Nuevos bibliotecarios para la era digital

Era el momento que Stephanie Rosalia estaba esperando. Bajo su supervisión, un grupo de alumnos de quinto curso se arremolinaba en torno a los portátiles en la biblioteca de la escuela y examinaba allaboutexplorers.com, una página web en la que, sin saberlo los niños, se habían introducido contenidos falsos de forma intencionada.

Rosalia, bibliotecaria del Colegio Público 225, de Brooklyn, les recomendaba que tuvieran cuidado. La mayoría de los alumnos no le hizo ningún caso, tal como ella esperaba. Pero Nozimakon Omonullaeva, de 11 años , se dio cuenta de que había algo raro en una página sobre Cristóbal Colón. "¡Dice que a los indios les gustaron los teléfonos móviles y los ordenadores que había llevado Cristóbal Colón!", exclamó Nozimakon mientras señalaba la pantalla. "Eso está mal". Era un descubrimiento esencial en una clase sobre la fiabilidad —o la falta de ella— de la información en Internet, una de las muchas que Rosalia imparte en su calidad de nuevo tipo de bibliotecaria escolar.

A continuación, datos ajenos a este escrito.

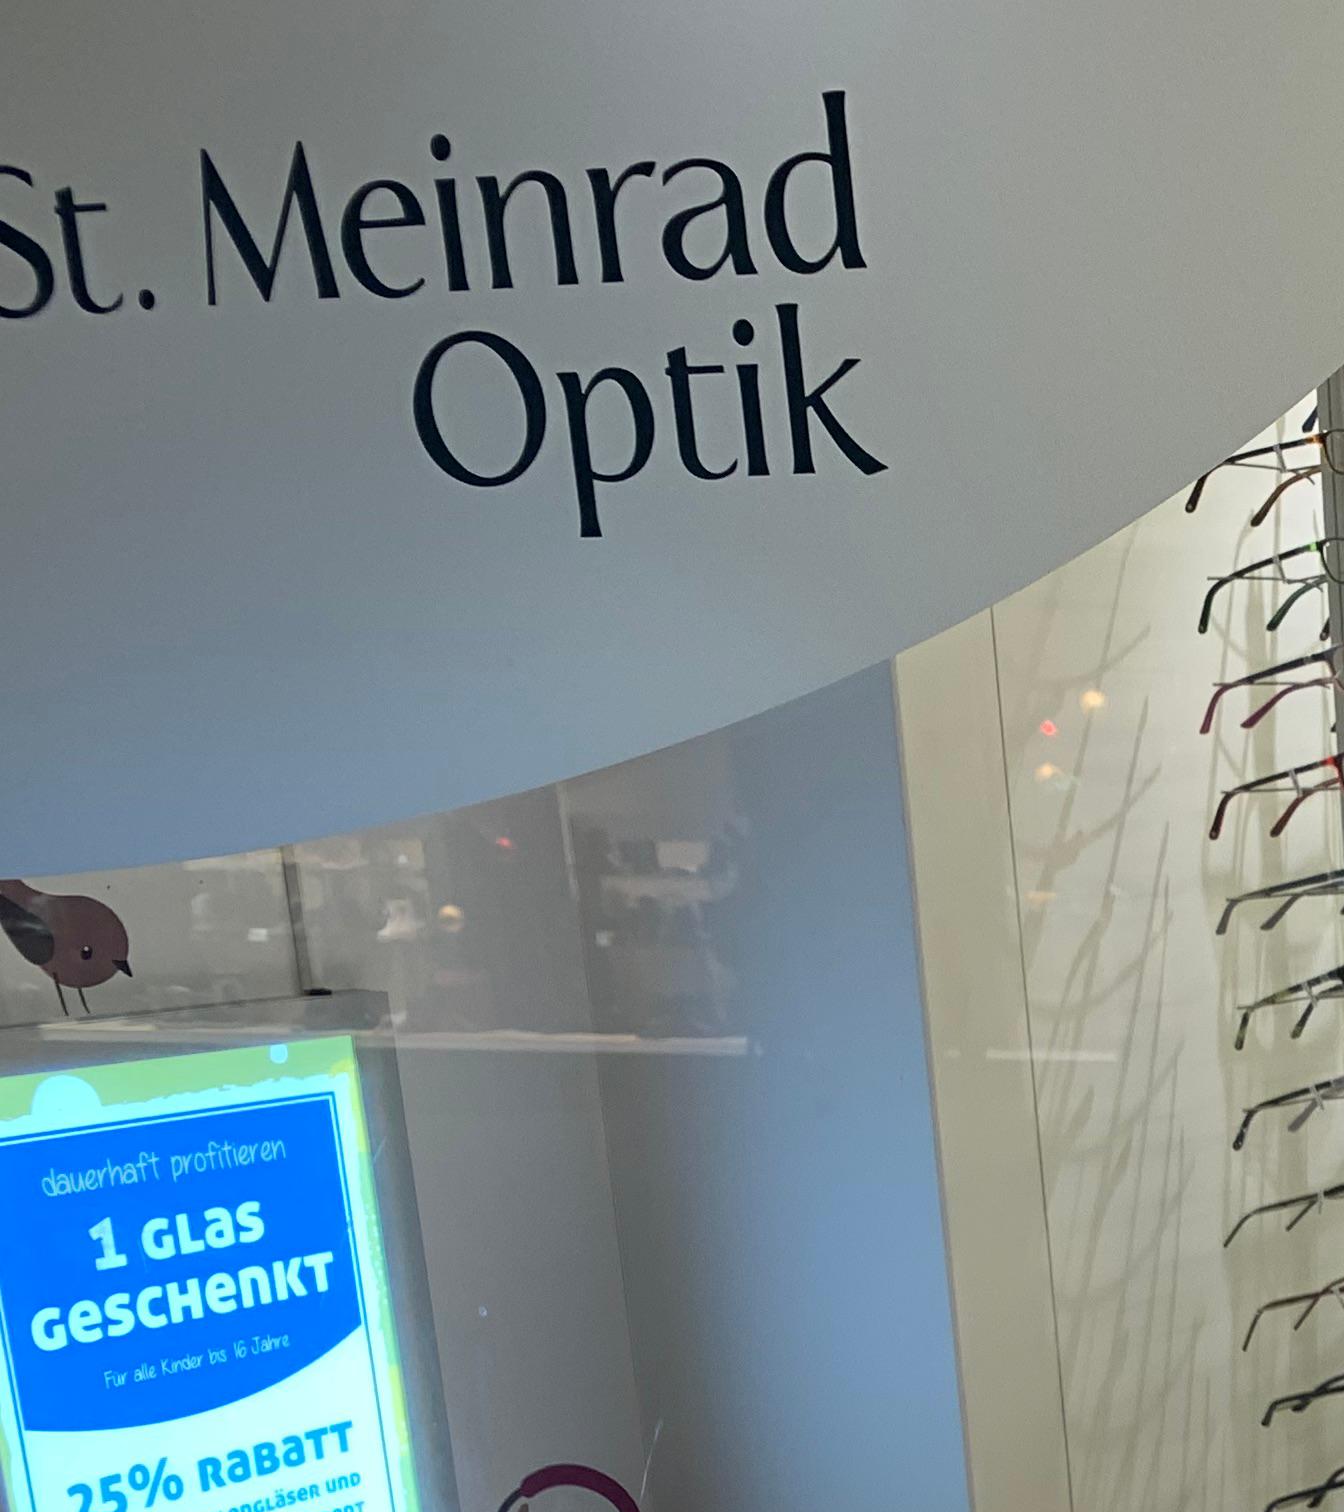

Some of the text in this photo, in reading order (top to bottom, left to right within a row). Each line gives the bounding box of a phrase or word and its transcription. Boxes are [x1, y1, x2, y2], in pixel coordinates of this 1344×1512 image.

[0, 90, 867, 319] St. Meinrad
[412, 303, 889, 539] Optik
[41, 1139, 287, 1197] dauerhaft profitieren
[88, 1216, 128, 1271] 1
[104, 1333, 290, 1390] Für alle Kinder bis 16 Jahre

Rosalia, de 54 años, forma parte de un grupo en continuo aumento de especialistas multimedia del siglo XXI que ayudan a guiar a los alumnos en el océano digital de información. "Los días en que el trabajo consistía sólo en devolver los libros a sus estantes son cosa del pasado", comenta Rosalia, que llegó al Colegio Público 225 hace casi seis años. "Ahora estamos en la era de la información y esa tecnología ha traído consigo toda una nueva generación de prácticas".

Algunos de estos bibliotecarios enseñan a los niños a desarrollar Presentaciones con PowerPoint o a crear vídeos en Internet. Otros hacen que los alumnos utilicen las redes sociales para debatir todo tipo de cosas, desde historia hasta comentarios sobre los relatos de los compañeros. Pero aunque los bibliotecarios escolares tienden a ser los que enseñan a los alumnos aptitudes básicas, necesarias no sólo en el colegio sino también en el trabajo y en la vida diaria, suelen ser también las primeras bajas en los recortes presupuestarios de los colegios.

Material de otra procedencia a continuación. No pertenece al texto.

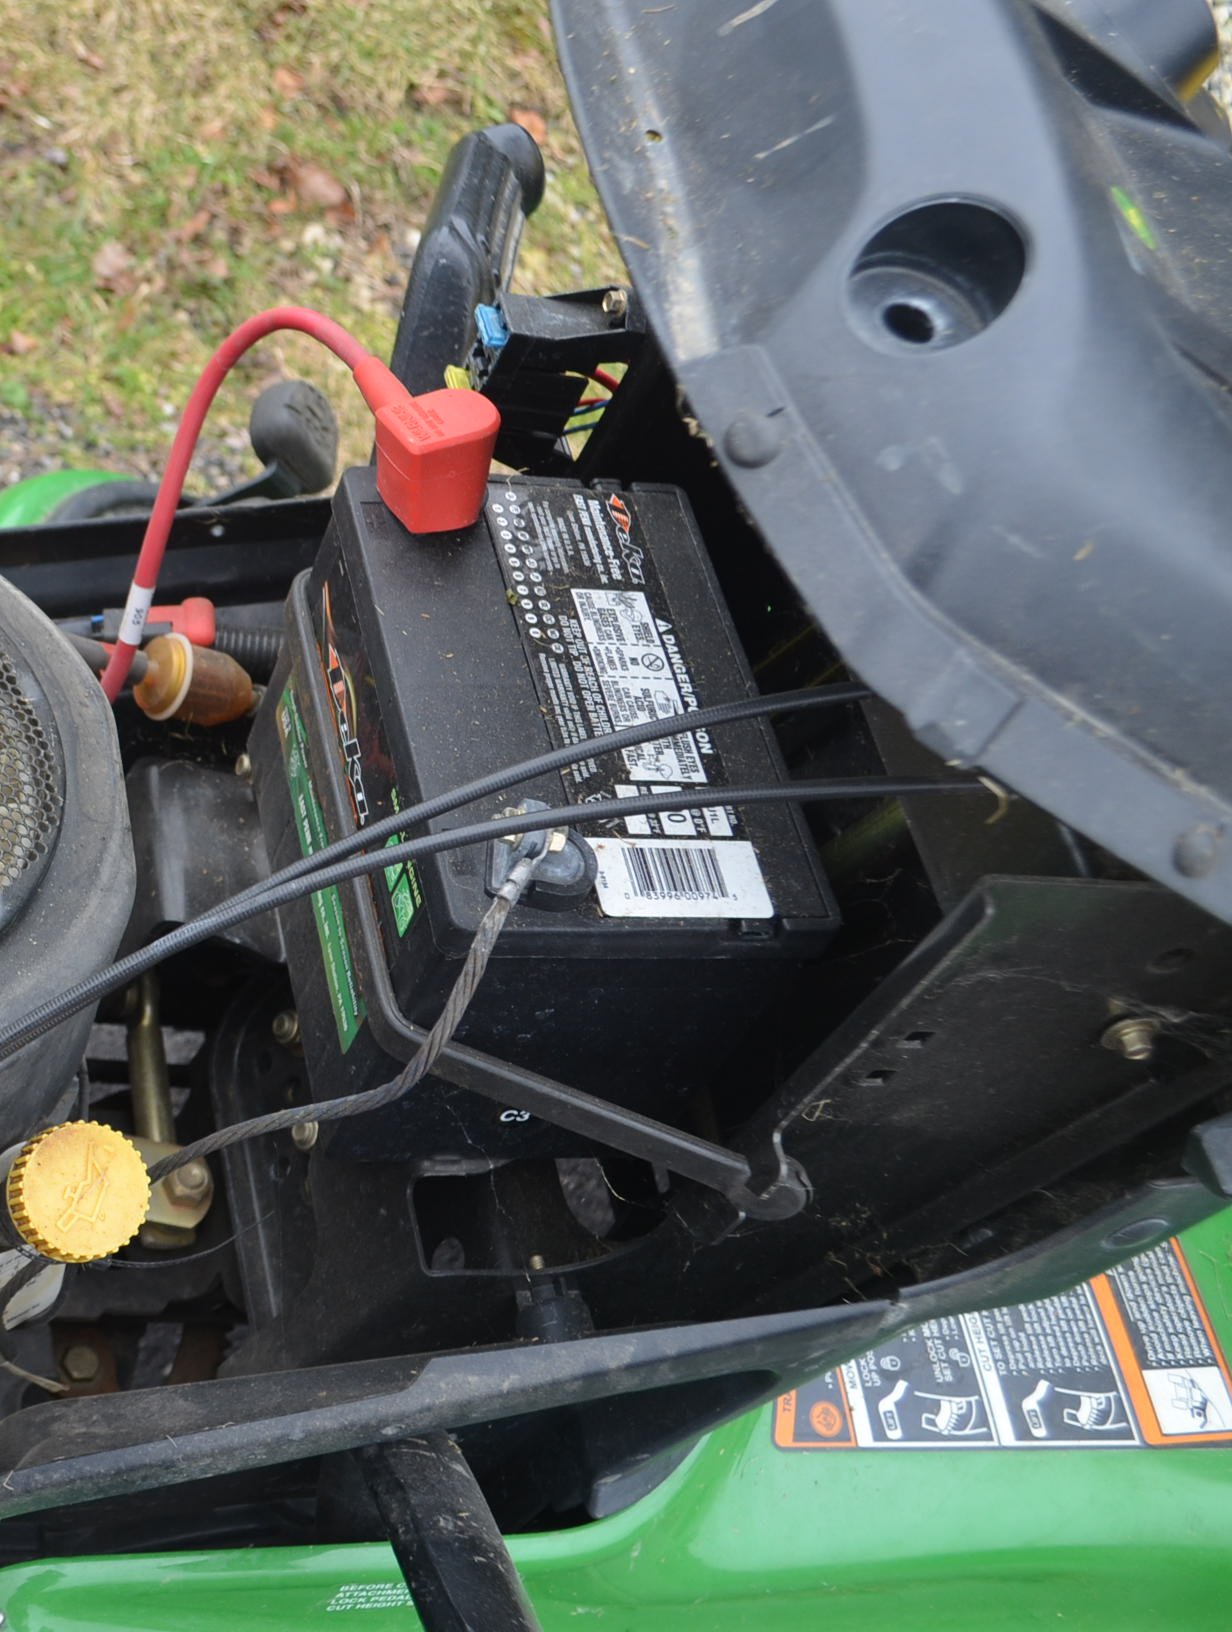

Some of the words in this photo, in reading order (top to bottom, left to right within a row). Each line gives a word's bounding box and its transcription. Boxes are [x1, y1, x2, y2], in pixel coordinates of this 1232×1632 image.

[588, 500, 621, 579] Maintenance-Free
[559, 615, 569, 626] DO
[570, 619, 582, 637] KEEP
[597, 608, 610, 627] GASES
[604, 630, 613, 640] CAN
[607, 608, 625, 641] EXPLOSIVE
[563, 628, 574, 642] NOT
[575, 639, 587, 653] OUT
[573, 661, 583, 671] DO
[580, 655, 591, 665] OF
[577, 673, 588, 688] NOT
[584, 666, 598, 691] REACH
[582, 690, 595, 710] OPEN
[592, 693, 603, 702] OF
[622, 687, 631, 699] CAN
[663, 635, 711, 753] DANGER/POON
[634, 696, 645, 711] ACID
[641, 688, 658, 720] SULFURIC
[686, 756, 699, 773] EYES
[646, 892, 681, 900] 83996
[686, 892, 718, 900] 00974
[1120, 1275, 1133, 1299] down
[1142, 1284, 1156, 1309] stops
[1129, 1301, 1141, 1319] and
[1138, 1297, 1154, 1331] sudden
[983, 1318, 995, 1337] CUT
[997, 1323, 1005, 1333] lift
[1009, 1328, 1016, 1338] on
[1025, 1323, 1033, 1333] lift
[1060, 1320, 1068, 1331] lift
[1070, 1321, 1081, 1342] down
[1137, 1321, 1146, 1333] up
[1153, 1312, 1171, 1350] machine
[934, 1339, 946, 1359] CUT
[990, 1341, 1002, 1359] SET
[1013, 1340, 1020, 1351] up
[1018, 1332, 1029, 1350] hold
[1047, 1336, 1055, 1346] lift
[1053, 1326, 1067, 1356] desired
[1066, 1333, 1080, 1366] Depress
[1143, 1335, 1155, 1359] Drive
[1150, 1333, 1165, 1359] Avoid
[1171, 1335, 1183, 1358] Keep
[1178, 1334, 1192, 1357] Read
[978, 1348, 992, 1371] CUT
[1002, 1336, 1016, 1369] Depress
[1025, 1352, 1035, 1368] and
[1030, 1336, 1043, 1368] Release
[1039, 1336, 1052, 1367] Release
[1052, 1348, 1062, 1366] Turn
[1078, 1345, 1089, 1366] Push
[926, 1340, 943, 1382] UNLOCK
[997, 1361, 1007, 1375] TO
[1016, 1353, 1026, 1369] Pull
[859, 1359, 872, 1386] LOCK
[871, 1372, 881, 1386] UP
[941, 1363, 952, 1381] SET
[340, 1583, 392, 1591] BEFORE
[356, 1601, 403, 1609] HEIGHT

En Spokane, Washington, el distrito escolar redujo en 2007 las horas de sus bibliotecarios, medida que incitó una protesta por parte de los padres. Más del 90% de las escuelas públicas estadounidenses tienen bibliotecas, pero menos de dos terceras partes emplean a bibliotecarios profesionales a tiempo completo.

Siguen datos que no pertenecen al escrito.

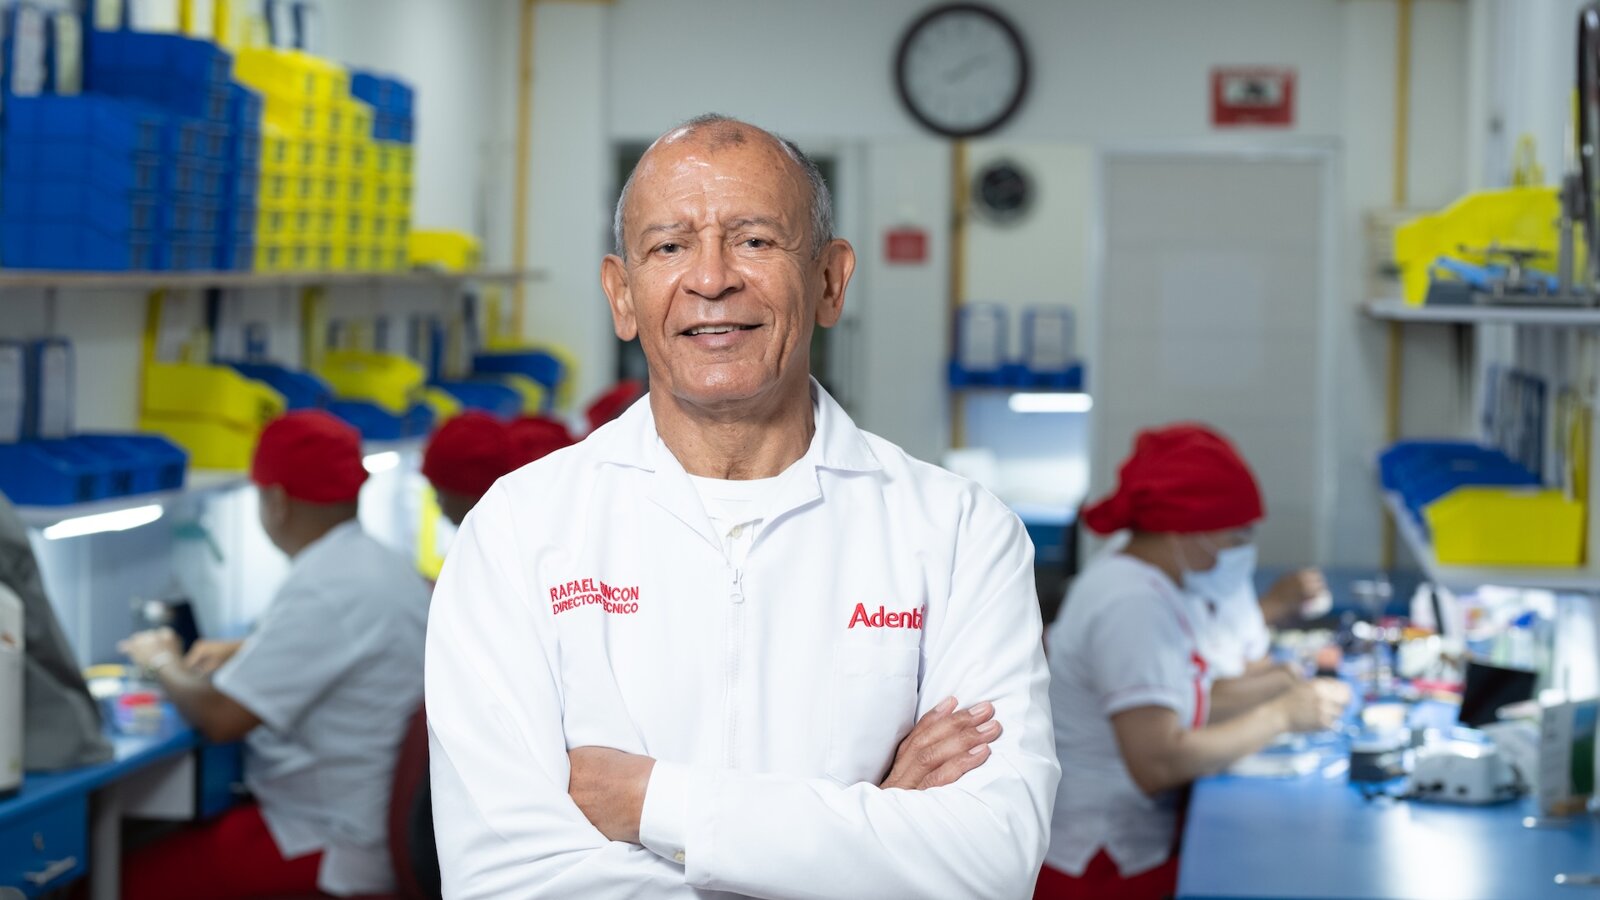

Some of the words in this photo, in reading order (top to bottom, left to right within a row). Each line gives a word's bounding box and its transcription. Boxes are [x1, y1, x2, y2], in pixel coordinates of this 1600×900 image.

[549, 578, 598, 602] RAFAEL
[553, 593, 602, 615] DIRECTOR
[602, 598, 638, 614] ECNICO

Lisa Layera Brunkan, de Spokane, y madre de tres niños, contaba que se había dado cuenta de la importancia del bibliotecario escolar cuando su hija, que tenía 7 años en aquél entonces, empezó a hacer una exposición de un proyecto en PowerPoint. "Me dijo que le había enseñado el bibliotecario", recuerda Brunkan. "Me quedé de piedra".